MADAM SPEAKER: A supplementary question, Ms Porter.
MS PORTER: Treasurer, what decisions did the government take in response to the review you undertook into the ACT taxation system in relation to payroll tax?
MR BARR: The government, in reviewing the territory’s taxation system, made a decision to raise the payroll tax threshold in the territory. We have the highest payroll tax threshold of any jurisdiction in Australia. This ensures that small and medium-size enterprises in the ACT are not subject to payroll tax. As a result of increasing the threshold from $1.5 million to $1.75 million, we provided a payroll tax cut to every business that pays payroll tax and exempted around 120 businesses that were previously paying payroll tax from having to pay payroll tax.
Overall, the way the legal incidence of payroll tax falls on the small business sector and on employers, the economic incidence demonstrated through detailed modelling tends to see that tax passed on to consumers in most industries—not in all, but in most. So the economic impact of payroll tax is, in effect, a de facto consumption tax. Nevertheless, whilst it is not the most inefficient tax that state and territory governments levy, it is certainly more efficient than stamp duty, for example, or tax on insurance. That is why the government in its tax reforms is seeking to abolish those most inefficient taxes first.
Disability services—funding
DR BOURKE: My question is to the minister for disability. Minister, can you update the Assembly on the first round of enhanced service offers available through Disability ACT in preparation for the full implementation of DisabilityCare in the ACT?
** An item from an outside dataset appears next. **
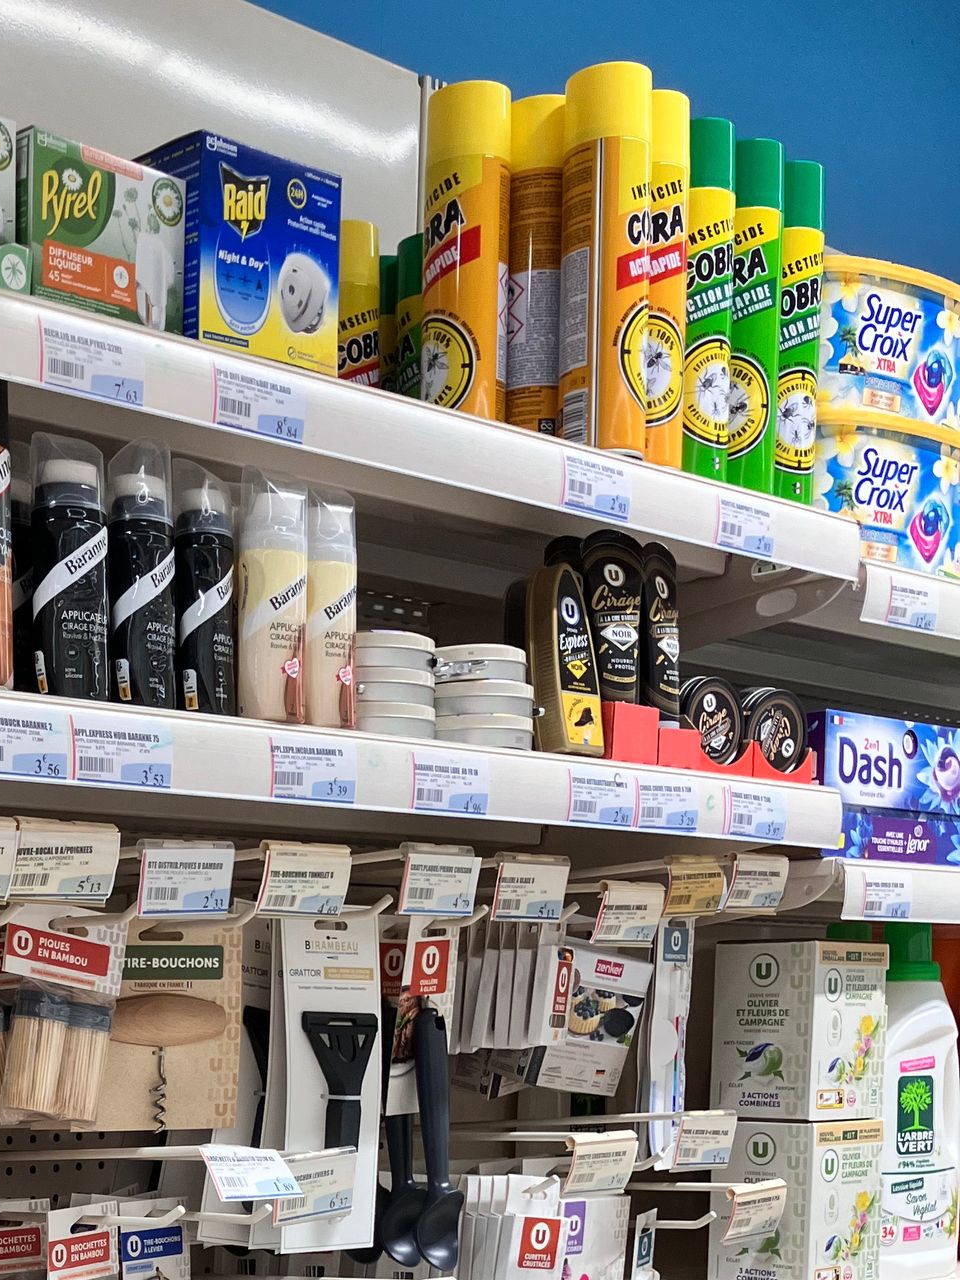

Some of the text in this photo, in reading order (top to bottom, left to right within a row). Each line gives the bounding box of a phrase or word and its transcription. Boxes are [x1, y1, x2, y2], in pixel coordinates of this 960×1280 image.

MS BURCH: I thank Dr Bourke for his interest in DisabilityCare. The move to DisabilityCare will indeed bring significant changes for people with a disability in our community. It will mean individuals will have greater choice and greater control about the kind of services and supports that they receive and who provides them.
The enhanced service offer is a package of one-off grants worth $7.7 million that will help in the transition to DisabilityCare. The first round of enhanced service offer grants opened on 1 July this year and will close this Friday. The offer is designed to meet the needs of the broadest range of people possible. All ACT residents under 65 with ongoing support needs related to a disability can apply for a grant. Successful applicants will have funding paid directly to them to purchase the supports and services they need. This will give people a chance to “test drive” the way that DisabilityCare can be delivered when it is launched here in July next year.
The grants can be applied for online and have been widely promoted. Information has been circulated through Medicare, libraries, community radio, Koori Mail, housing tenants’ newsletters, mainstream and specialist school newsletters, as well as the usual funded provider networks.